(YOUR INSTRUCTIONS): Every record should be restated exactly, with no images included.

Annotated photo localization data

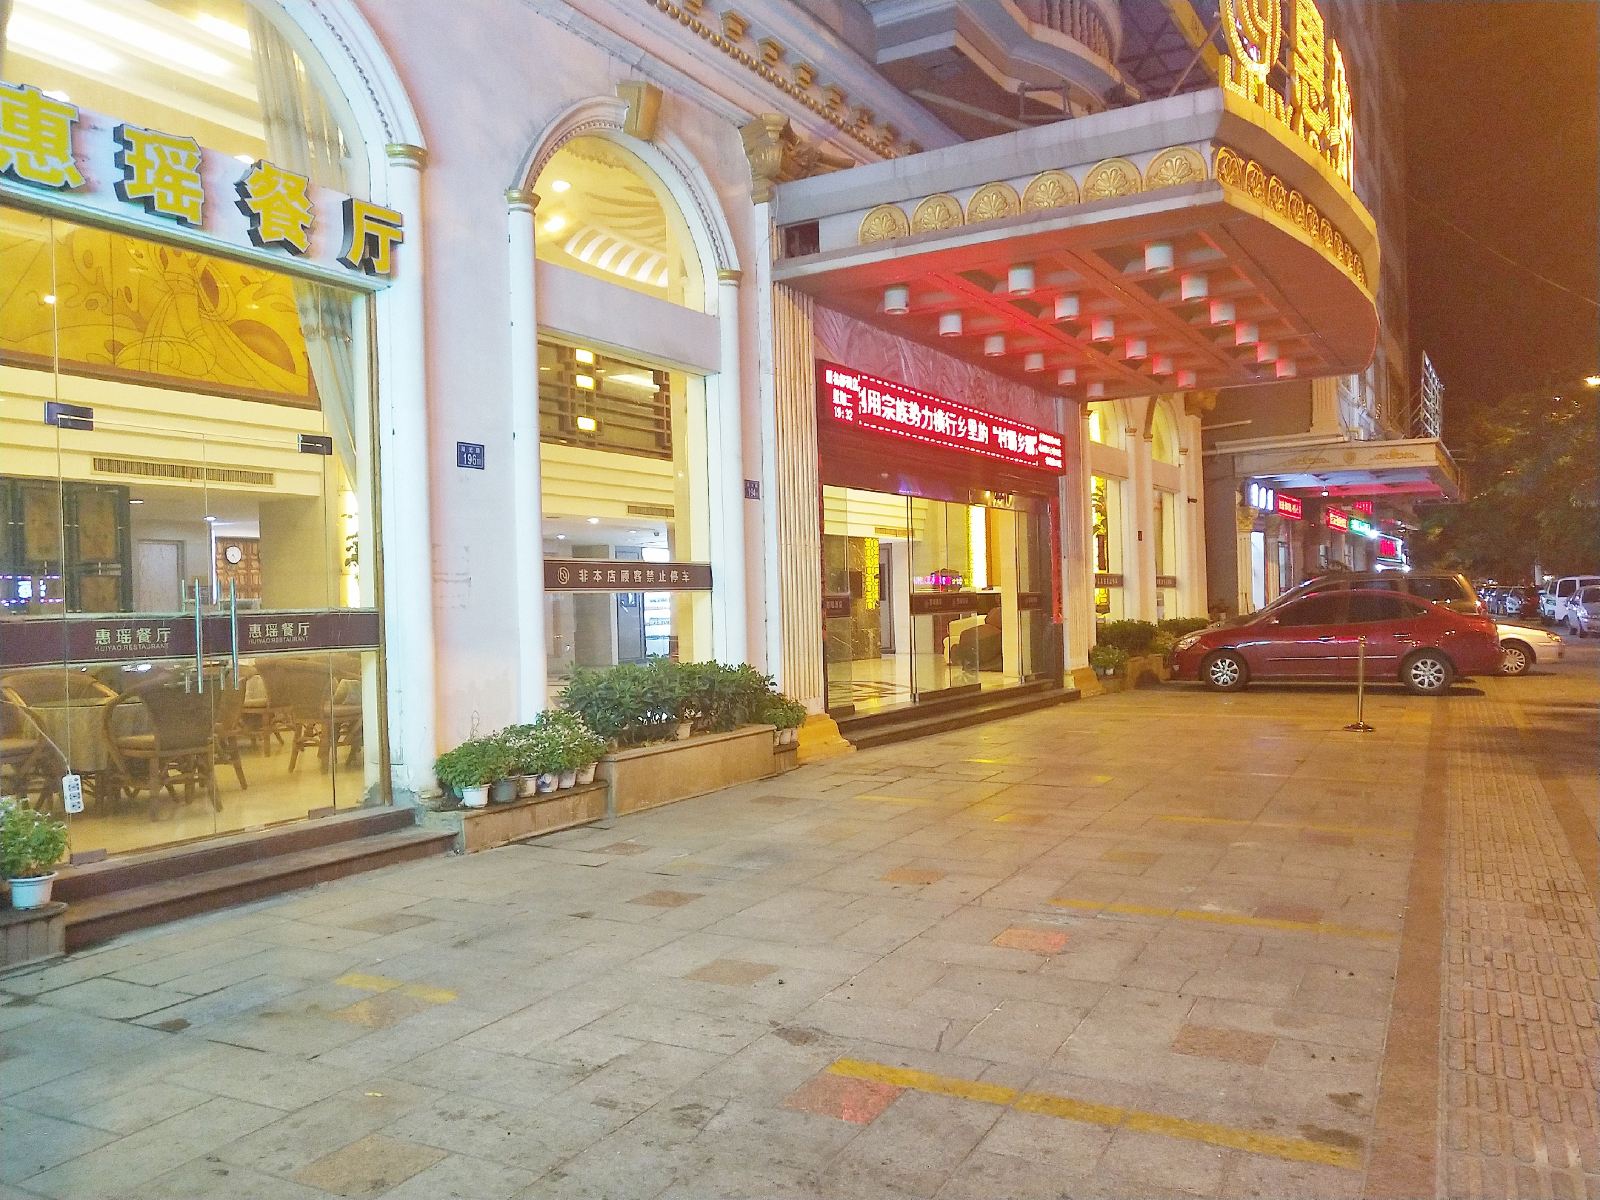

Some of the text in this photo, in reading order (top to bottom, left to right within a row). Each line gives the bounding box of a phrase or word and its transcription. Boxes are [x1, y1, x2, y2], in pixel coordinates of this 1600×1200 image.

[0, 83, 404, 276] 惠瑶餐厅
[578, 569, 691, 583] 非本店顾客禁止停车
[95, 628, 171, 645] 惠瑶餐厅
[248, 622, 310, 639] 惠瑶餐厅
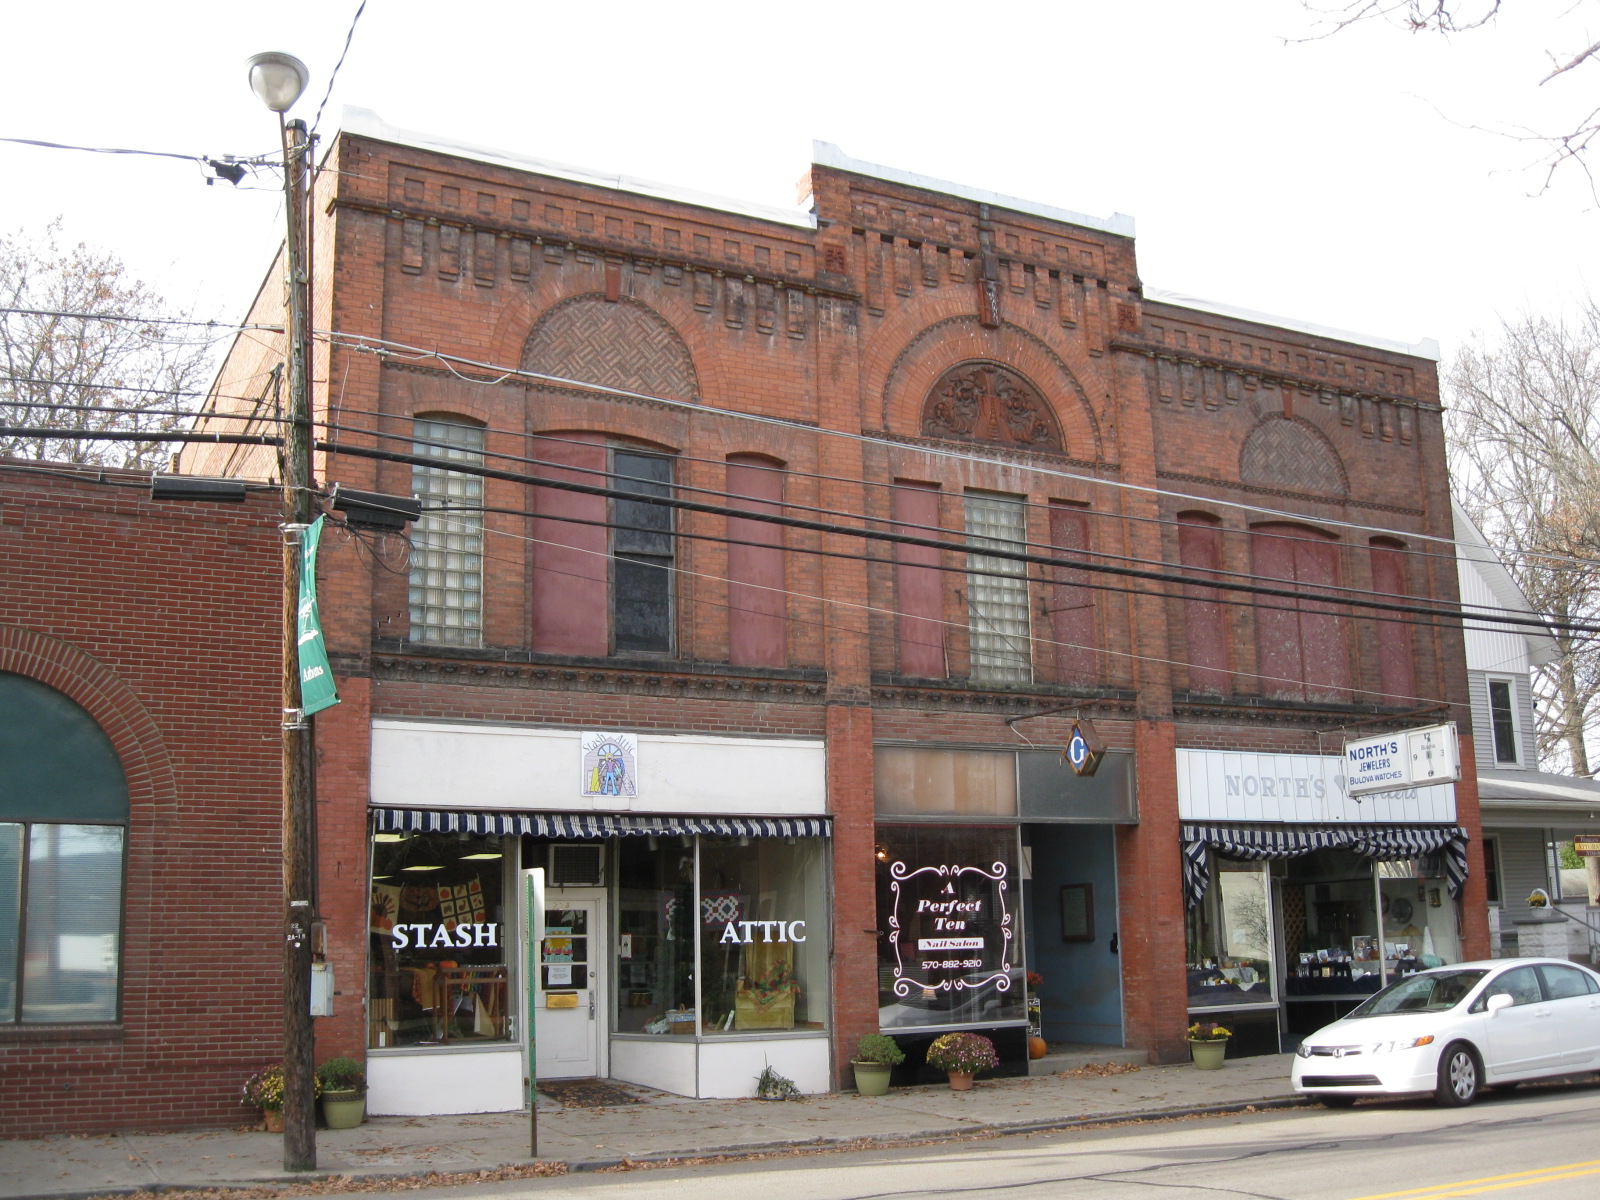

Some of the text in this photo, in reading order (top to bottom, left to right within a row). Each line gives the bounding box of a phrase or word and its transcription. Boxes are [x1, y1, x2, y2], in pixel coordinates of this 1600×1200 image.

[582, 733, 636, 753] Stash Attic
[1070, 736, 1085, 764] G
[1349, 742, 1398, 761] NORTH'S
[1359, 759, 1390, 772] JEWELERS
[1374, 771, 1402, 780] WATCHES
[1225, 774, 1326, 799] NORTH'S
[940, 881, 956, 894] A
[916, 900, 981, 915] Perfect
[719, 920, 807, 944] ATTIC
[934, 918, 966, 930] Ten
[392, 923, 498, 949] STASH
[921, 959, 982, 970] 570-882-9210
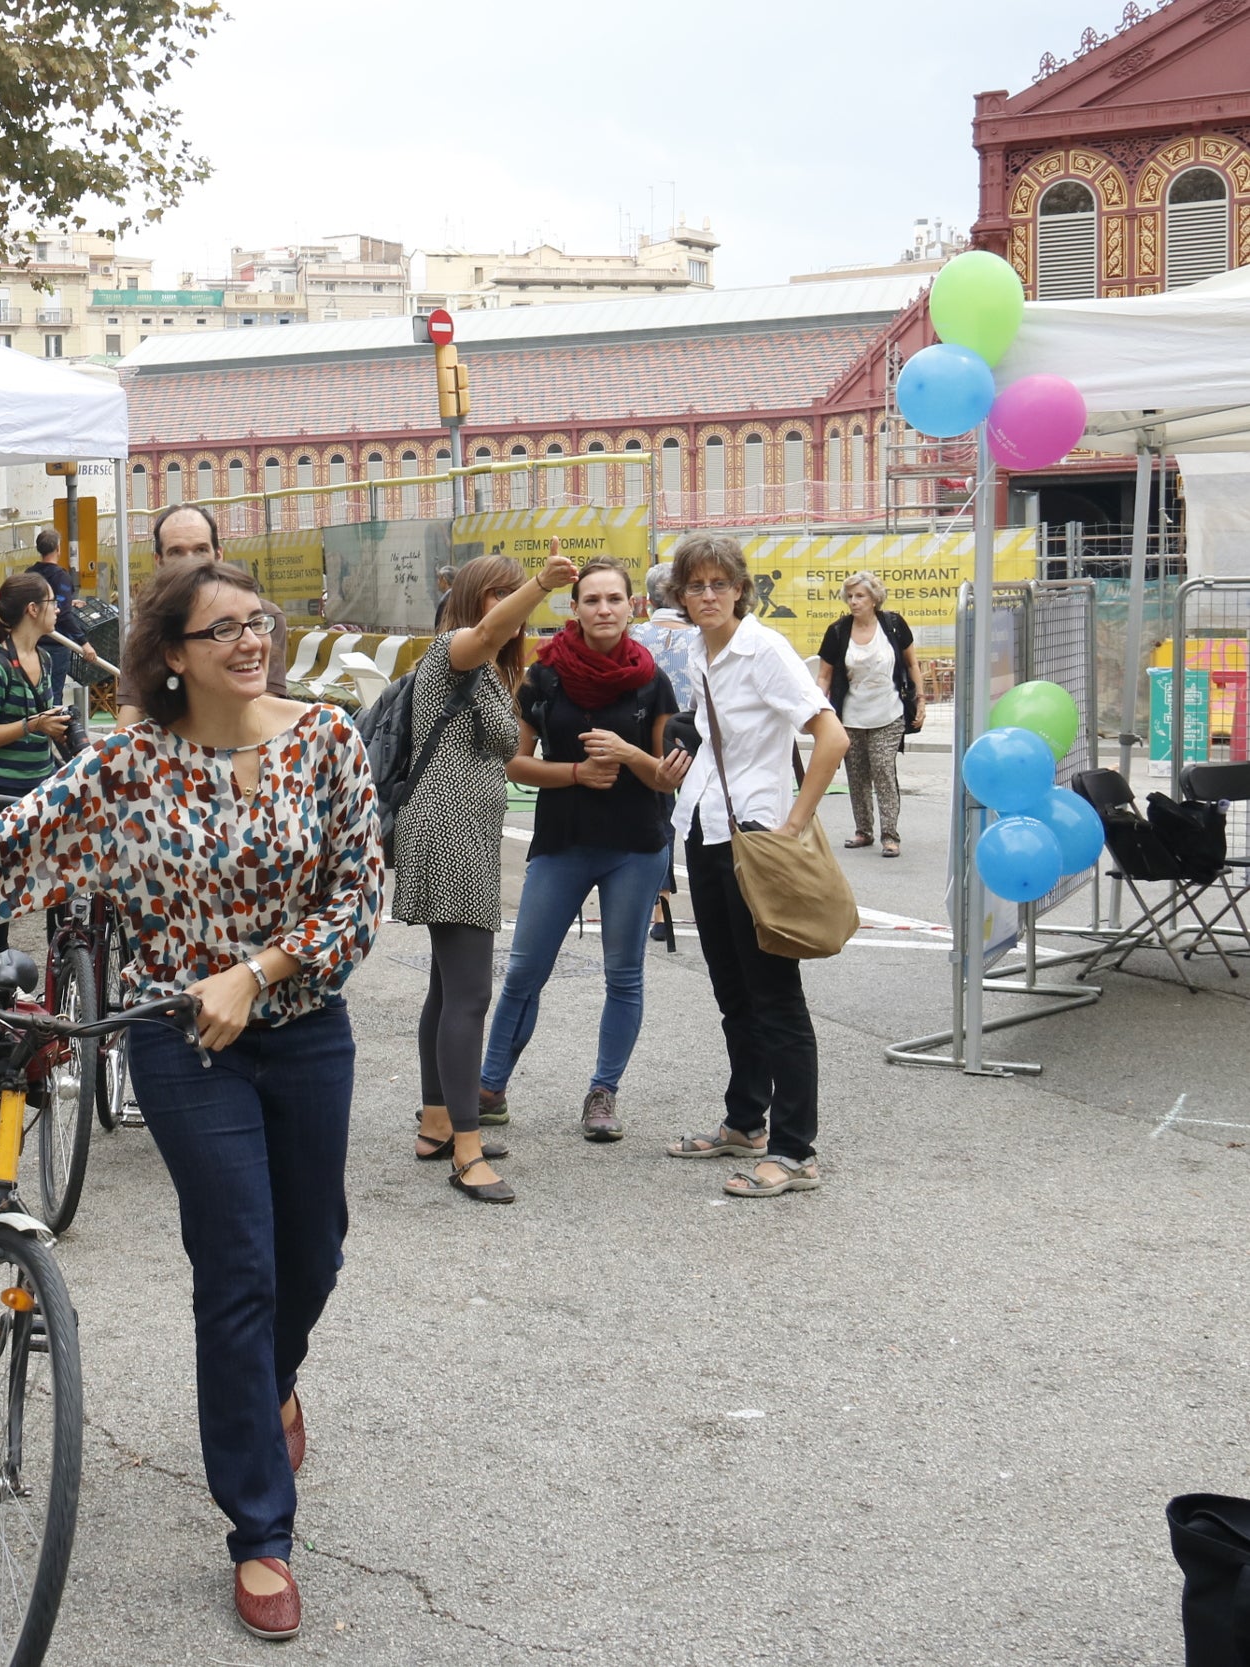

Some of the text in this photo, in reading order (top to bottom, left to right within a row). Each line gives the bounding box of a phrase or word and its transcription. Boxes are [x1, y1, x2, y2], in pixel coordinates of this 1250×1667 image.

[514, 538, 606, 551] ESTEM RORMANT
[523, 557, 548, 568] MERC
[806, 567, 959, 582] ESTEM EFORMANT
[807, 588, 825, 601] EL
[894, 588, 915, 599] DE
[918, 587, 959, 598] SANT
[806, 610, 837, 618] Fases:
[907, 608, 948, 617] acabats
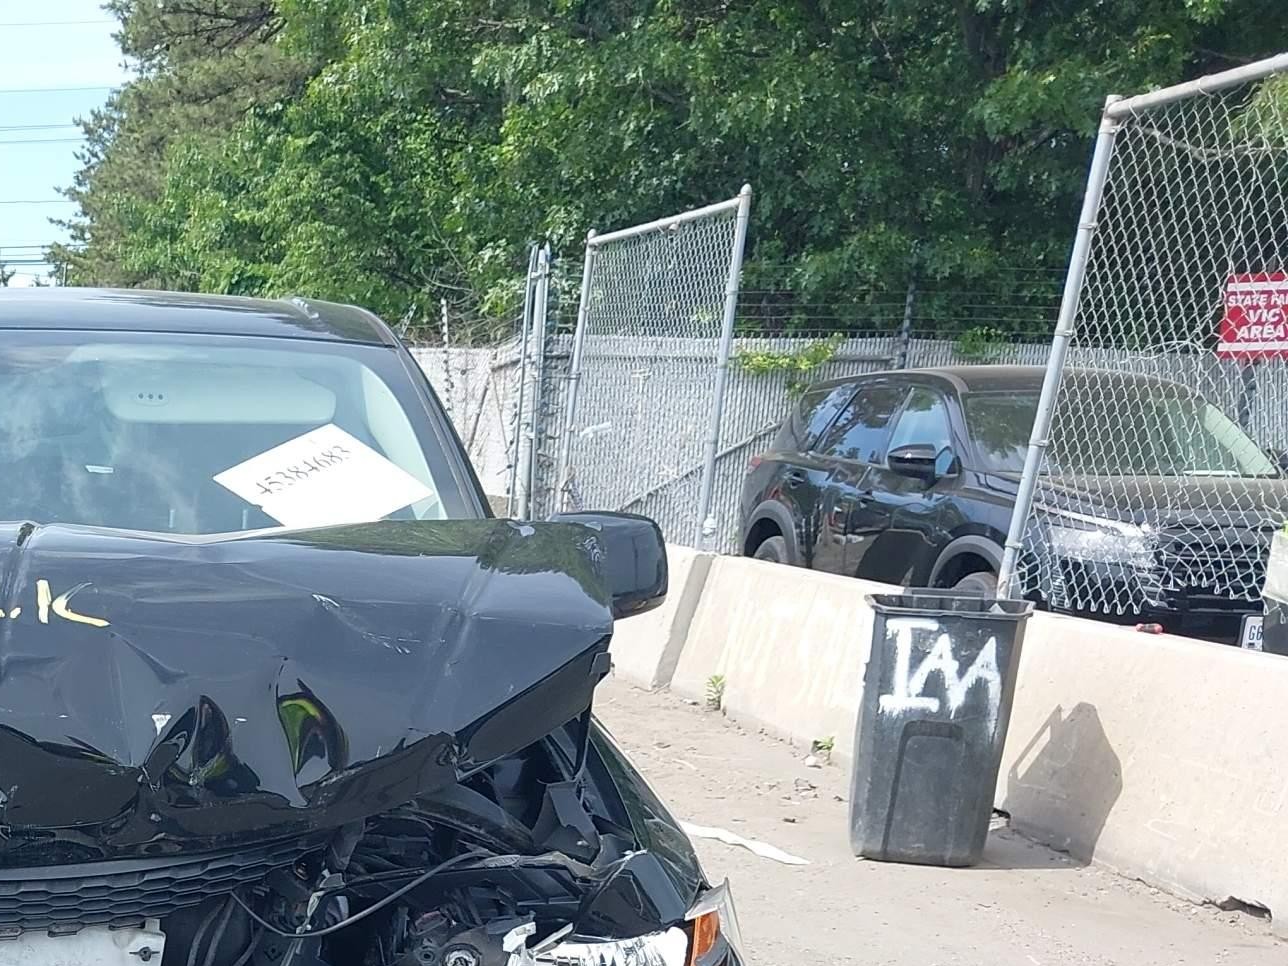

(FINAL ANSWER):
Some of the text in this photo, in reading order (top to bottom, left to right within a row). Each line gives the bounding box of a phrase or word and its transcription. Boxes are [x1, y1, x2, y2], in pixel coordinates of this 1600×1200 image.

[0, 83, 404, 276] 惠瑶餐厅
[578, 569, 691, 583] 非本店顾客禁止停车
[95, 628, 171, 645] 惠瑶餐厅
[248, 622, 310, 639] 惠瑶餐厅

Some of the text in this photo, in reading order (top to bottom, left to right within a row). Each line gives the bounding box of a phrase or word and its transcription. Boxes are [x1, y1, x2, y2], in pixel coordinates of this 1600×1200 image.

[582, 733, 636, 753] Stash Attic
[1070, 736, 1085, 764] G
[1349, 742, 1398, 761] NORTH'S
[1359, 759, 1390, 772] JEWELERS
[1374, 771, 1402, 780] WATCHES
[1225, 774, 1326, 799] NORTH'S
[940, 881, 956, 894] A
[916, 900, 981, 915] Perfect
[719, 920, 807, 944] ATTIC
[934, 918, 966, 930] Ten
[392, 923, 498, 949] STASH
[921, 959, 982, 970] 570-882-9210

Some of the text in this photo, in reading order (top to bottom, left to right within a row). Each line gives the bounding box of a phrase or word and its transcription. Boxes are [x1, y1, x2, y2], in pixel coordinates of this 1250×1667 image.

[514, 538, 606, 551] ESTEM RORMANT
[523, 557, 548, 568] MERC
[806, 567, 959, 582] ESTEM EFORMANT
[807, 588, 825, 601] EL
[894, 588, 915, 599] DE
[918, 587, 959, 598] SANT
[806, 610, 837, 618] Fases:
[907, 608, 948, 617] acabats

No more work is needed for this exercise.